The dramatic shift in demand from China, exacerbated by the ASF crisis, is the underlying reason for Teys’s move today to send additional price signals about its growing requirement for HGP-free beef.
Teys in fact removed its existing 10c/kg HGP price differential on grassfed slaughter cattle two or three years ago. It is no coincidence that that change corresponded with a decline in Australian beef trade into China at the time, which somewhat diluted the demand for HGP-free cattle.
Are HGP price distinctions common?
Beef Central has looked into the extent of market distinctions for HGP treated/untreated cattle in grass and grainfed direct consignment markets for this report.
Such grid price distinctions are not uncommon across grassfed slaughter animals, but are certainly not universally applied across the industry. Processor location has a lot to do with it, with the underlying low use of HGP in parts of southern Australia making HGP references on some southern grids irrelevant. So, to, does each processor’s different exposure to the China market.

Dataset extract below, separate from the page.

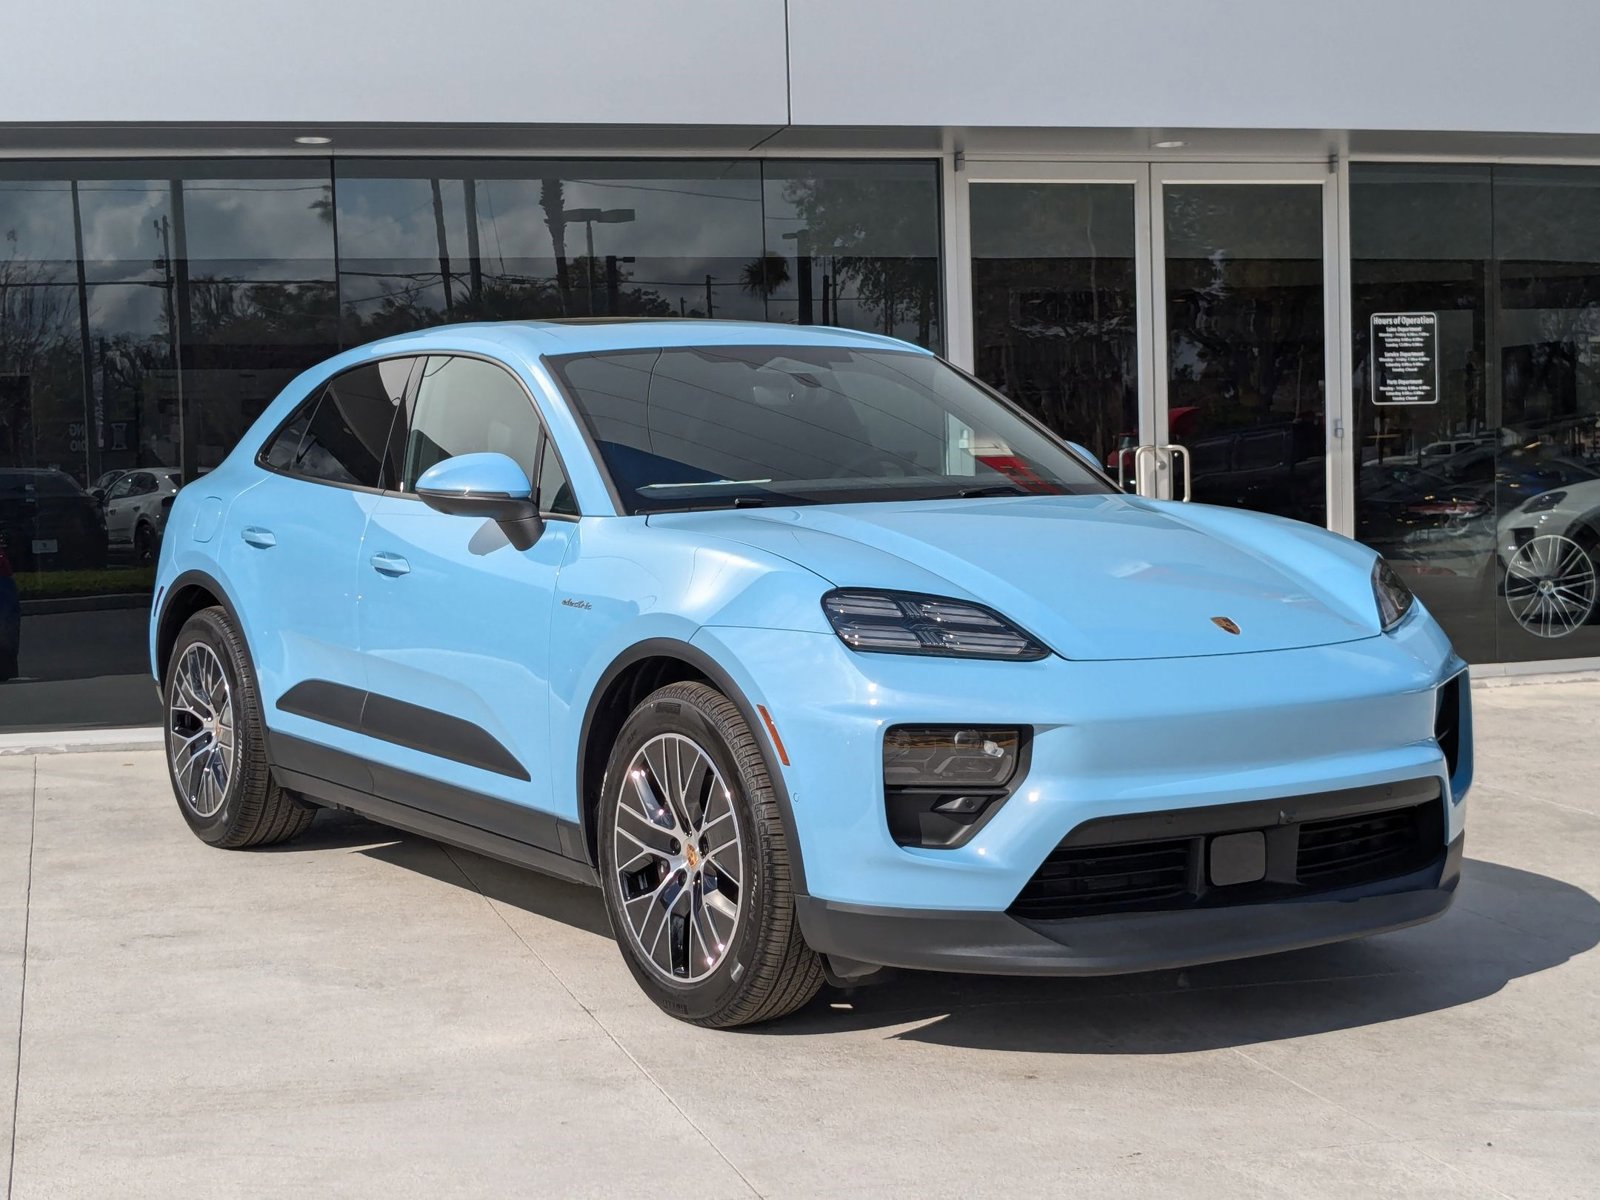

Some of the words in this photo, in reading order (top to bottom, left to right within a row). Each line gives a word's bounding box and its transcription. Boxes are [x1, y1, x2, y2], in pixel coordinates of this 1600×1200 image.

Apart from specialised branded beef programs, JBS Australia, for example, has never applied an HGP grid price distinction on generic grassfed slaughter cattle across its Queensland, NSW or Victorian plants (HGPs are not allowed in Tasmania). But it can also be argued that JBS has a considerably lower focus on the China export market than some other processors.
NSW export processor Bindaree Beef applies no HGP penalty on grass cattle 0-4 teeth, but penalises 6-8 teeth cattle 20c/kg.
Apart from its HGP-free Manning Valley Naturally programs, Wingham Beef Exports in NSW applies a 20-25c/kg price differential on MSA treated/untreated steer under its Wingham Blue MSA program. No HGP distinction applies on generic grass export programs, but the company says it sees very few treated cattle these days, especially since the onset of drought.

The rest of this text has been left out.